**WHAT NEEDS TO BE DONE**: Each entry below must be repeated exactly, with pictures left out.

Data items
◇ ◇ ◇

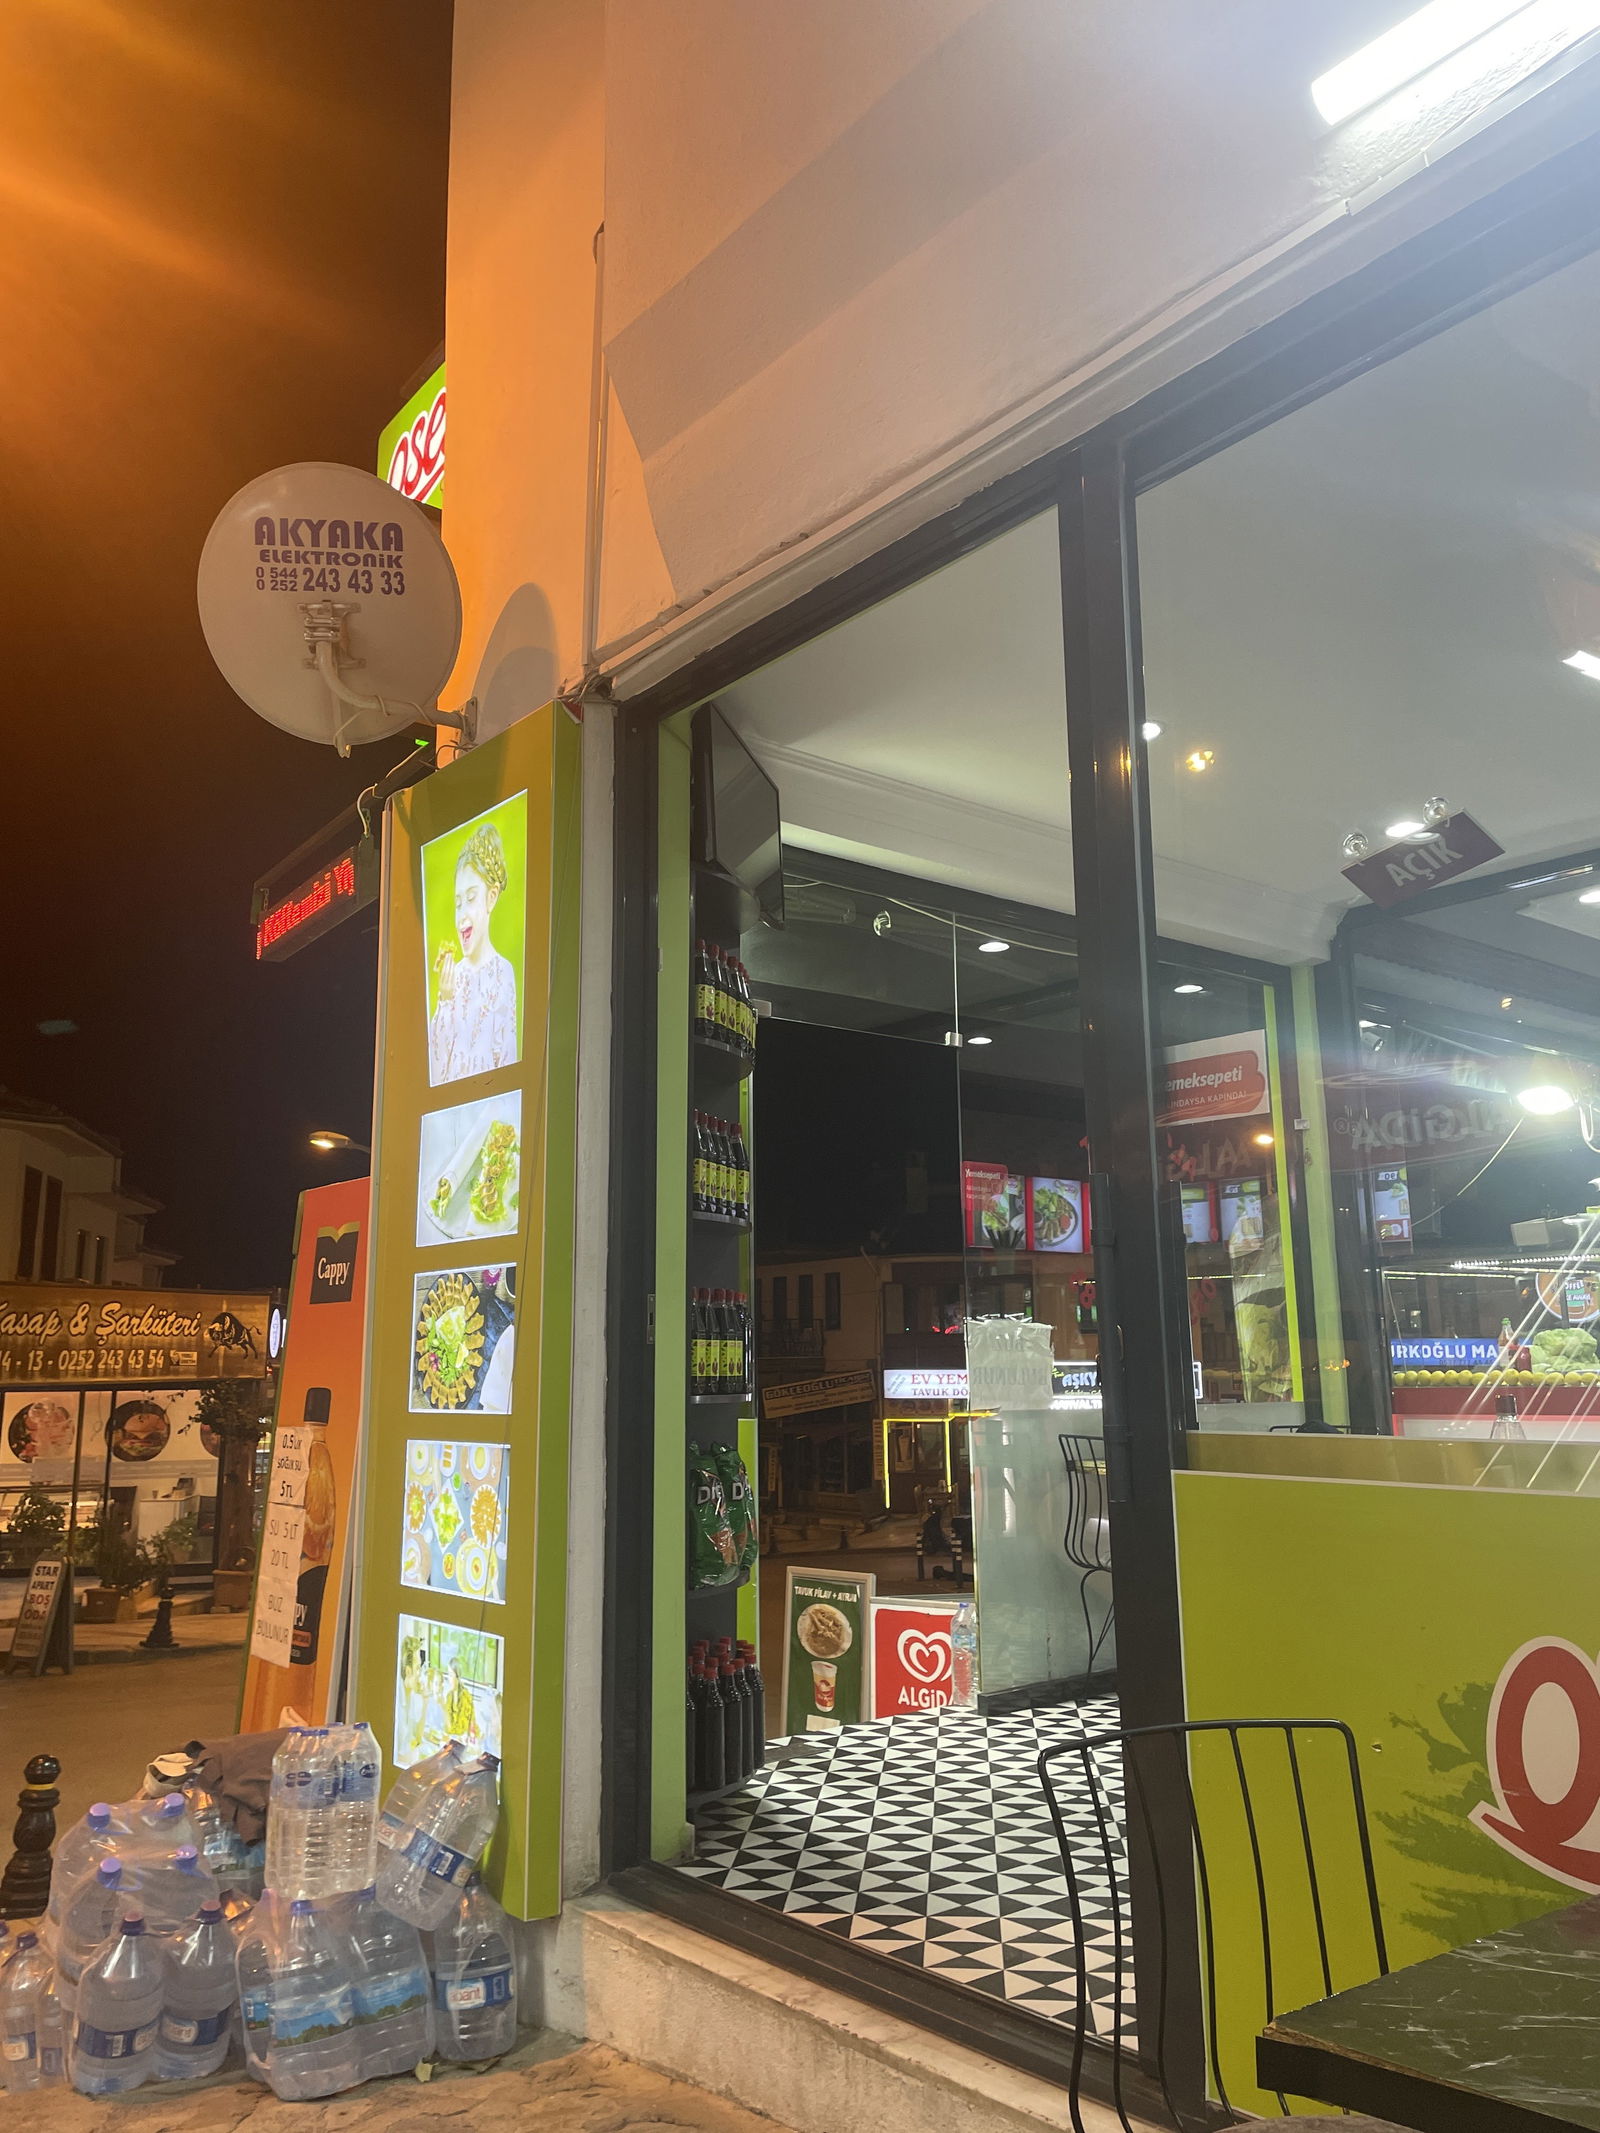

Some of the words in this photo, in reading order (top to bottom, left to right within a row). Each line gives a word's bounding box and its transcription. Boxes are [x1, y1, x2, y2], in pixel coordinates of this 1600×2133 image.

[254, 516, 404, 552] AKYAKA
[255, 567, 264, 578] 0
[270, 567, 298, 579] 544
[256, 579, 265, 591] 0
[270, 580, 298, 592] 252
[302, 567, 341, 593] 243
[347, 569, 374, 594] 43
[380, 571, 405, 596] 33
[1385, 835, 1464, 887] AÇIK
[1166, 1065, 1243, 1092] emeksepeti
[317, 1257, 350, 1286] Cappy
[69, 1302, 90, 1335] &
[95, 1302, 200, 1346] Şarküteri
[0, 1350, 11, 1371] 4
[28, 1350, 44, 1371] 13
[59, 1350, 95, 1370] 0252
[98, 1349, 124, 1369] 243
[128, 1349, 144, 1369] 43
[147, 1349, 164, 1369] 54
[1471, 1344, 1498, 1359] MA
[911, 1373, 931, 1385] EV
[936, 1373, 968, 1385] YEM
[1062, 1371, 1098, 1390] AŞKY
[911, 1387, 950, 1397] TAVUK
[952, 1386, 969, 1397] DÖ
[35, 1565, 59, 1577] STAR
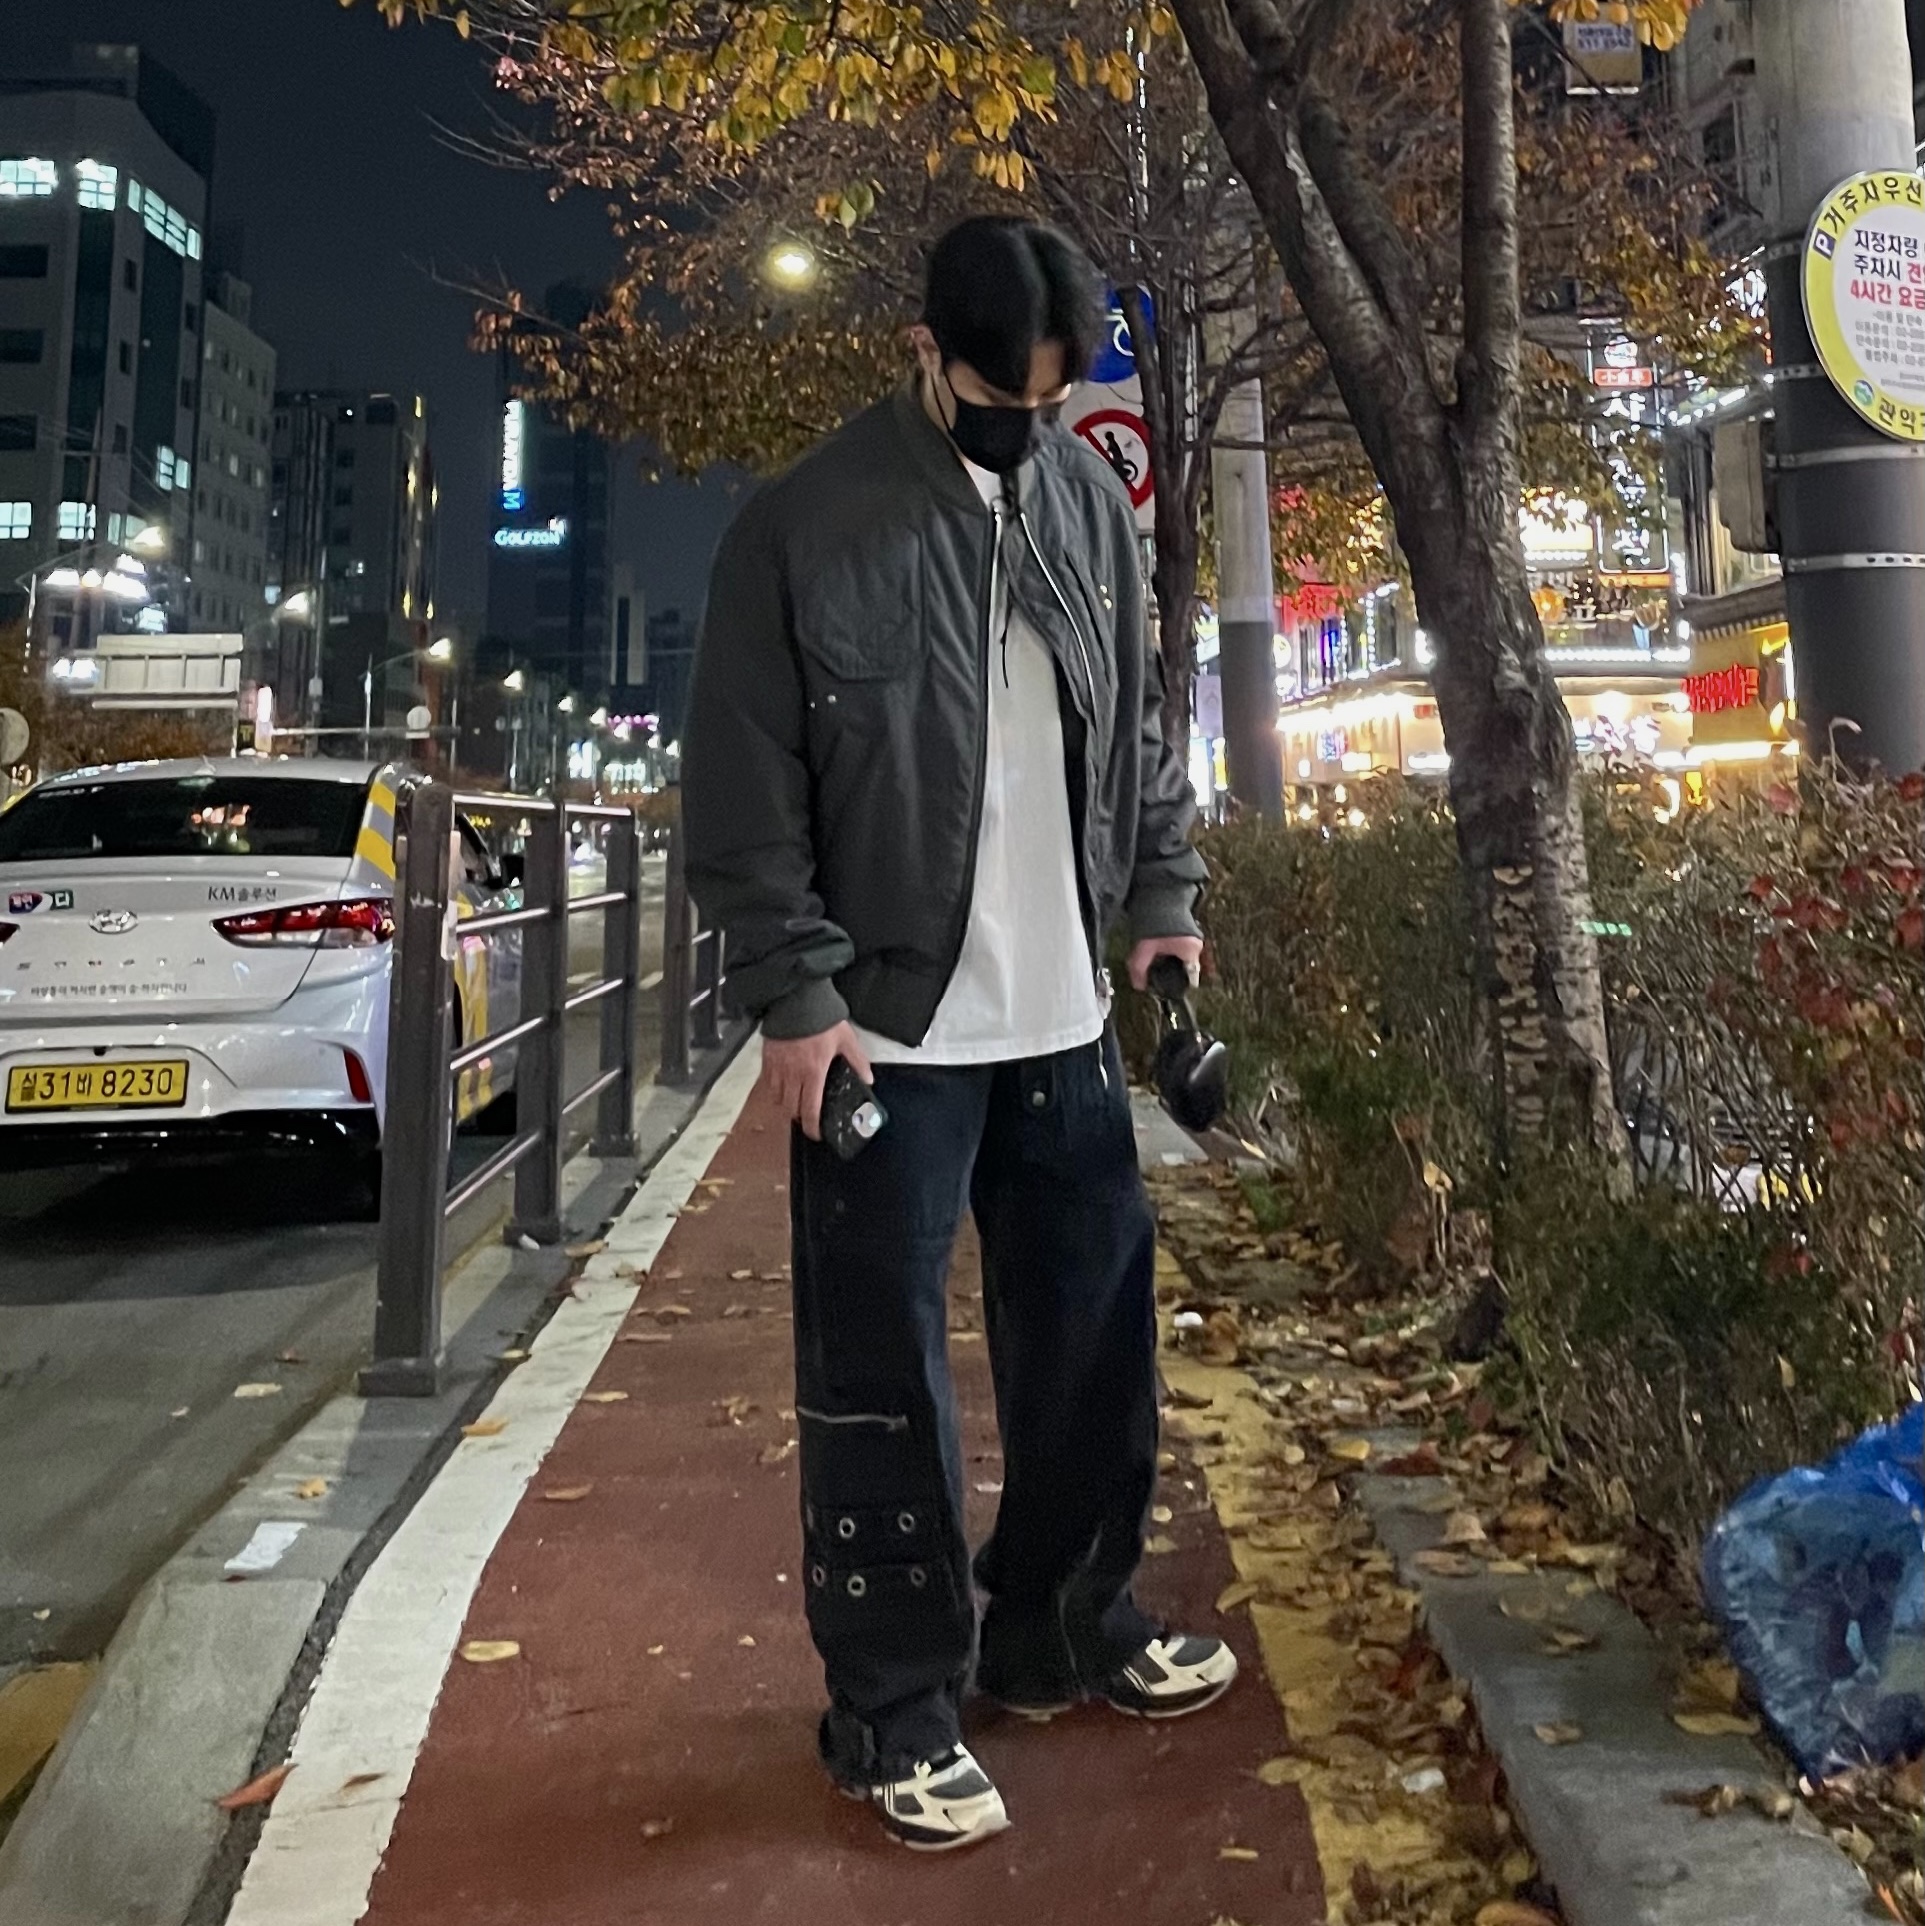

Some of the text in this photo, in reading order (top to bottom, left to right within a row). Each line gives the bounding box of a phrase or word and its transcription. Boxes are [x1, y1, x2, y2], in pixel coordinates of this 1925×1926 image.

[1854, 229, 1918, 259] 지정차량
[1854, 254, 1925, 284] 주차시 견
[1850, 279, 1892, 305] 4시간
[1878, 396, 1925, 435] 관악
[101, 1067, 173, 1097] 8230

◇ ◇ ◇

**ANSWER BOX**:
Some of the words in this photo, in reading order (top to bottom, left to right within a row). Each line gives a word's bounding box and its transcription. Boxes are [x1, y1, x2, y2], in pixel coordinates of this 1600×2133 image.

[254, 516, 404, 552] AKYAKA
[255, 567, 264, 578] 0
[270, 567, 298, 579] 544
[256, 579, 265, 591] 0
[270, 580, 298, 592] 252
[302, 567, 341, 593] 243
[347, 569, 374, 594] 43
[380, 571, 405, 596] 33
[1385, 835, 1464, 887] AÇIK
[1166, 1065, 1243, 1092] emeksepeti
[317, 1257, 350, 1286] Cappy
[69, 1302, 90, 1335] &
[95, 1302, 200, 1346] Şarküteri
[0, 1350, 11, 1371] 4
[28, 1350, 44, 1371] 13
[59, 1350, 95, 1370] 0252
[98, 1349, 124, 1369] 243
[128, 1349, 144, 1369] 43
[147, 1349, 164, 1369] 54
[1471, 1344, 1498, 1359] MA
[911, 1373, 931, 1385] EV
[936, 1373, 968, 1385] YEM
[1062, 1371, 1098, 1390] AŞKY
[911, 1387, 950, 1397] TAVUK
[952, 1386, 969, 1397] DÖ
[35, 1565, 59, 1577] STAR

Some of the text in this photo, in reading order (top to bottom, left to right within a row). Each line gives the bounding box of a phrase or word and its transcription. Boxes are [x1, y1, x2, y2], in pixel coordinates of this 1925×1926 image.

[1854, 229, 1918, 259] 지정차량
[1854, 254, 1925, 284] 주차시 견
[1850, 279, 1892, 305] 4시간
[1878, 396, 1925, 435] 관악
[101, 1067, 173, 1097] 8230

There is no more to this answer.